SEOUL, South Korea — Seventy-five years of division have led the two Koreas to adopt diametrically opposed policies on the peninsula’s most notorious culinary item.
Pyongyang last week proclaimed the benefits of eating dog meat during “Bok Nal,” the height of the steamy Korean summer, while Seoul is engaged in a three-year nationwide campaign to eradicate the farming and eating of canines.
Animal lovers may hail Seoul’s policy to end the consumption of man’s best friend, but at its heart lies a sad irony.
“Hundreds of thousands of dogs remain trapped in the industry,” Lee Sang-kyung, campaign manager at NGO Humane World for Animals Korea, told foreign reporters in Seoul on Thursday. “Rescuing every single dog is unfortunately not realistic.”
Due to shortages of animal shelter capacity and a low national rate of adoption of farmed dogs, the ending of the trade looks set to end the lives of all but a tiny percentage of some 460,000 dogs that make up the current market.
From food to pets
While Americans prepared to celebrate Independence Day, a national dog-meat cooking contest took place in North Korea’s capital.
According to state TV, monitored by South Korea’s Yonhap News Agency, 200 chefs gathered in the competition to produce the most delicious “sweet meat soup.” The soup, with canine meat as its key ingredient, was promoted as a healthy energy source in sweltering heat.
That belief has been deeply entrenched in Korea — for millennia, a grain-agricultural society in which peasants had minimal access to rich protein sources. It retains force in the North, which has a history of murderous famines and widespread malnutrition, but is crumbling in the well-to-do South.
South Korea’s ascent from economic backwater in the 1960s to industrial powerhouse in the 1980s saw its economy become deeply embedded in global trade, while citizens gained exposure to global norms.
Malnutrition evaporated as newly prosperous South Koreans gained access to chicken, pork and beef. Subsequently, ever-improving lifestyles turned middle-class South Korea into a pet-owning society.
Meanwhile, overseas references to dog consumption — campaigns by French actress Brigitte Bardot, jokes by talk show host Jay Leno, even mocking chants by English soccer fans — generated anger and embarrassment.
The consumption of dog meat — commonly served in a thick, sesame-and-pepper flavored stew known as boshintang — gradually dropped: A 2023 survey by HWAK (formerly Humane Society International) found 85% of Koreans had not dined on dog.
Amid animal cruelty concerns, dog meat came under social pressure. In January 2024, a bipartisan bill to end the farming, trade and consumption of dogs passed the National Assembly. Full implementation is set for February 2027.
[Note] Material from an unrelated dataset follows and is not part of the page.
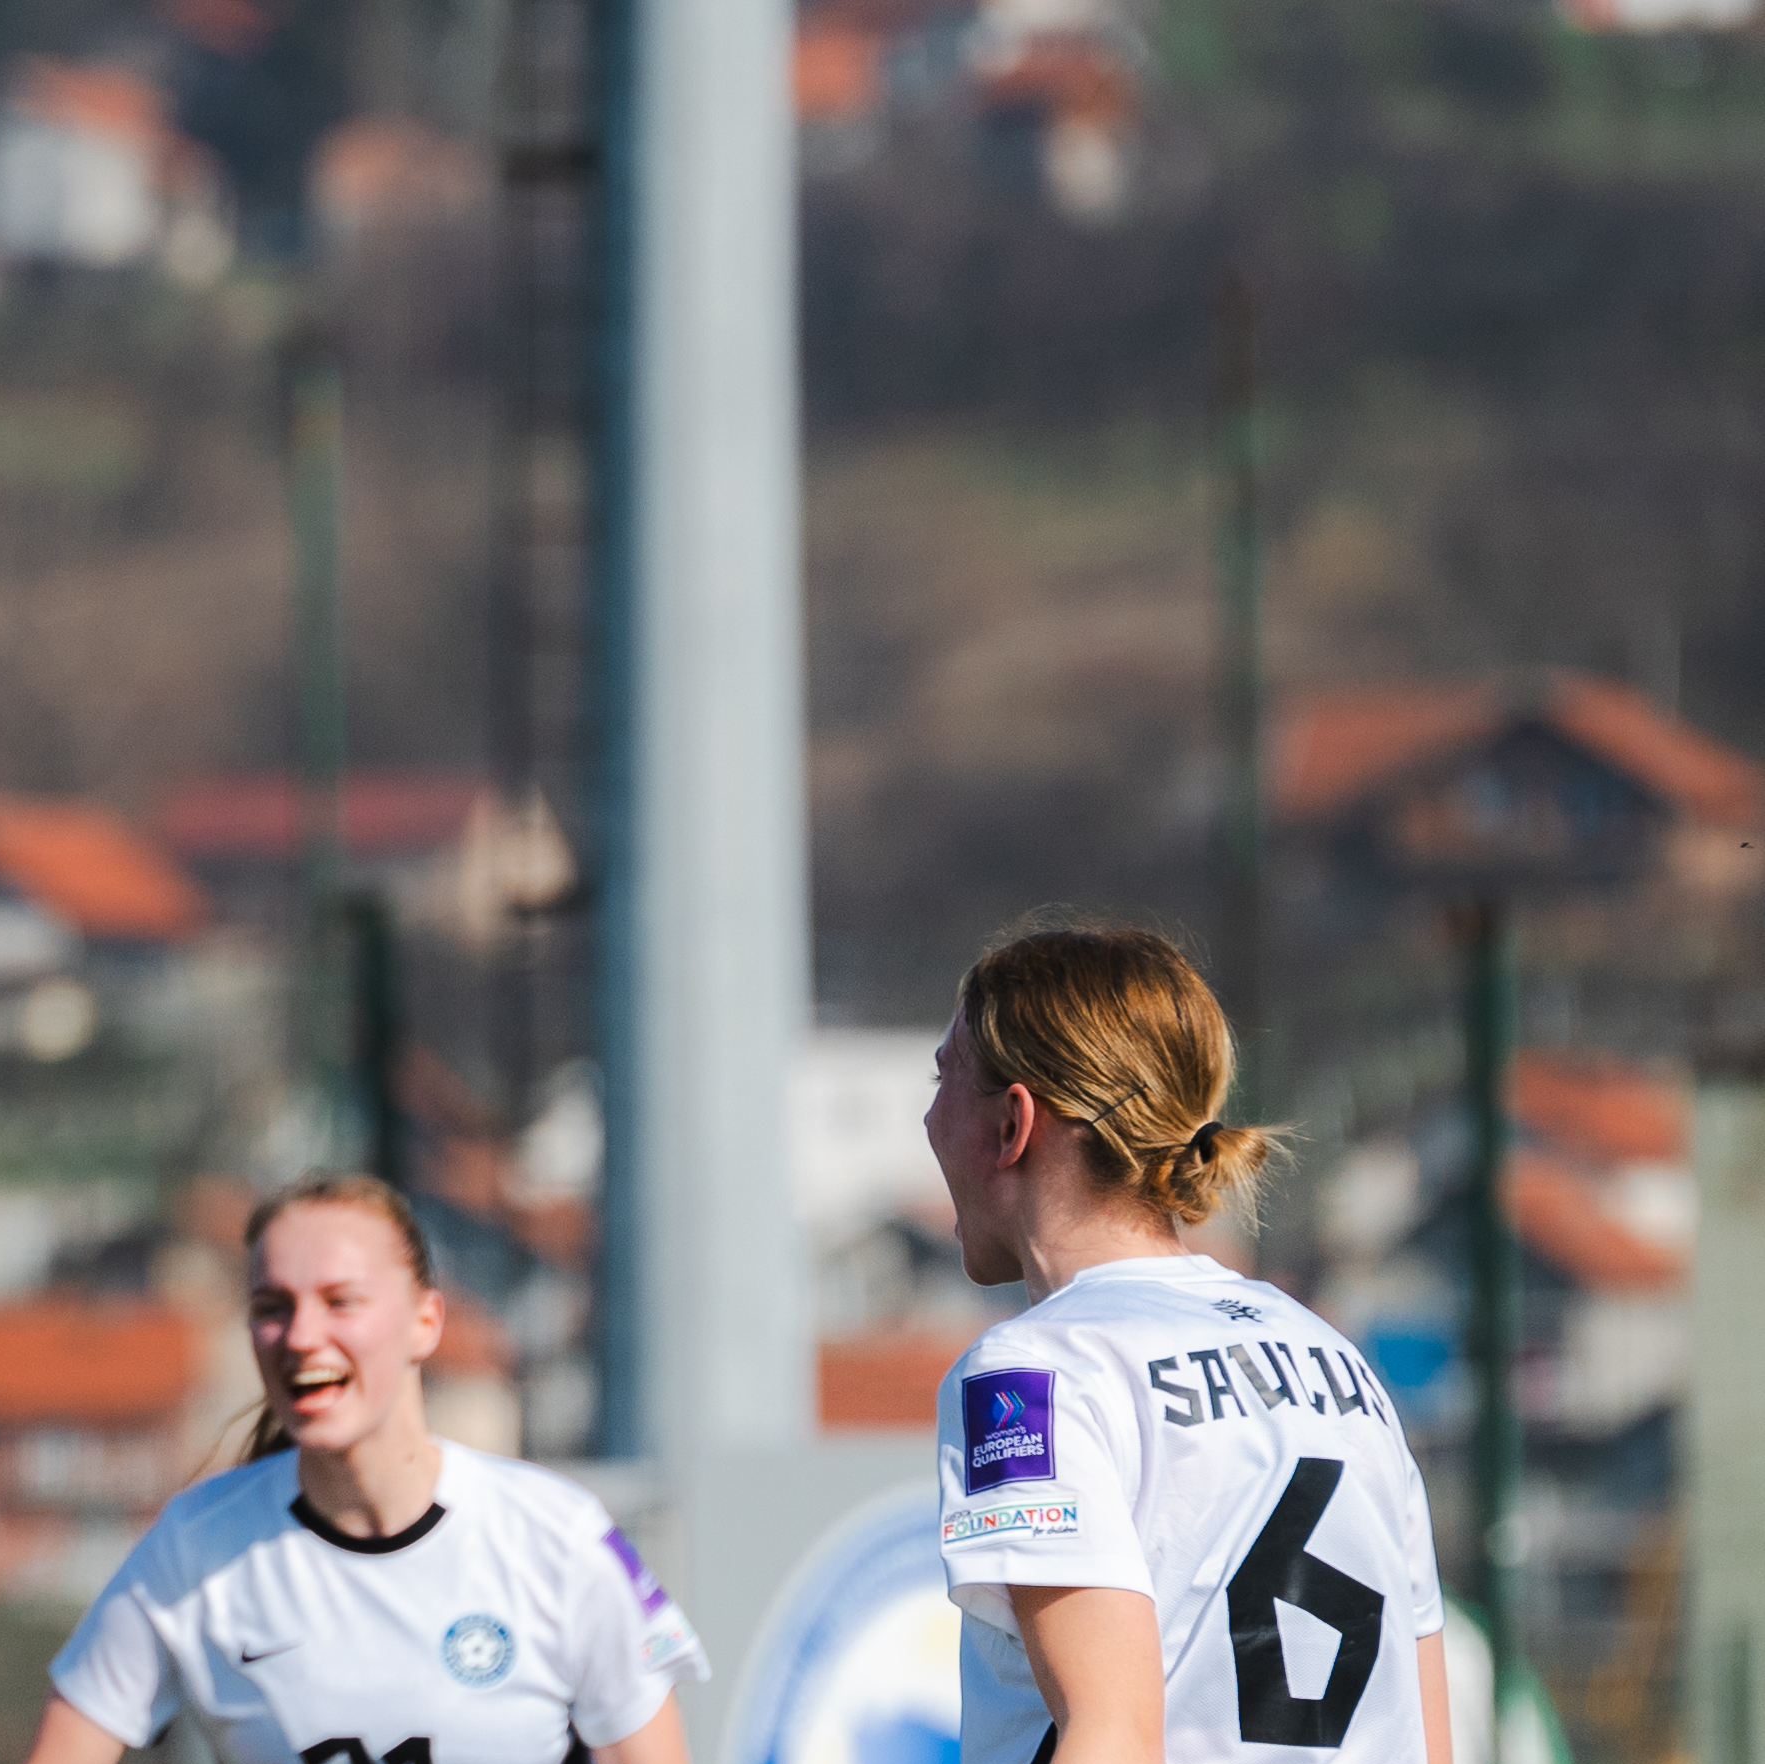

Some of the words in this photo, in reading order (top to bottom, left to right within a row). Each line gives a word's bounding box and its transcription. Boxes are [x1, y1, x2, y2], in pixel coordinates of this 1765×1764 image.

Moral policy, brutal reality
The transition has not been easy for dog farmers, who have told media that it is becoming impossible to find buyers for their livestock in a collapsing market.
Even so, government policy and interested non-governmental organizations offer dog farmers support to transition out of the sector. What is missing are provisions for the dogs.
“That’s the most challenging question,” said Mr. Lee of HWAK, whose activities include underground operations to rescue abused dogs from farm cages and overground public awareness campaigns.
The group has relocated 2,800 farmed dogs, mainly to a shelter it operates in the U.S. that finds homes in the U.S., Canada and the U.K. Since the 2024 policy took effect, HWAK has rescued 68 canines.
Mr. Lee noted the delight of traumatized dogs being offered toys and treats for the first time in their lives.
Those happy outcomes, however, are a drop in the ocean. 2024 government research estimated the number of farmed dogs at 460,000.
“We can see in the government implementation plan a plan for the management and care of remaining dogs: Those dogs will be sent to government or private shelters,” Mr. Lee said. “But we all know that shelters are already overwhelmed, so when removed from farms, it is likely those dogs will be euthanized.”
Shelter operators face wrenching choices.
Laws provide for the euthanization of dogs not adopted within 14 days, Mr. Lee said, though he credited staffers for keeping dogs alive as long as possible.
Shelter adoptions are rare.
“Government research last year found that only 13% [of Korean dog owners] adopted dogs from shelters,” Mr. Lee said. “The rest bought them, or got them from friends.”
Even so, he broadly supports the 2024 policy: Euthanization by a trained vet is a kinder departure for a dog than death by electrocution, a method commonly used on farms, he explained.
The numbers present those putting the animals to sleep — however humanely — with a nightmarish mission. “It can be a trauma for the vets,” he fretted. “It’s a very difficult situation.”
There are other ironies.
Insisting that pets and livestock dogs are different breeds, and stating that the meat has medicinal benefits for those suffering stomach ailments, a middle-aged woman, speaking anonymously, lamented that due to social pressures, “These days, I can’t eat dog!”
“This campaign is the right way,” she conceded but asked in a nation where barbecued pork and beef are popular dinner options, “Why dogs? Why not all animals?”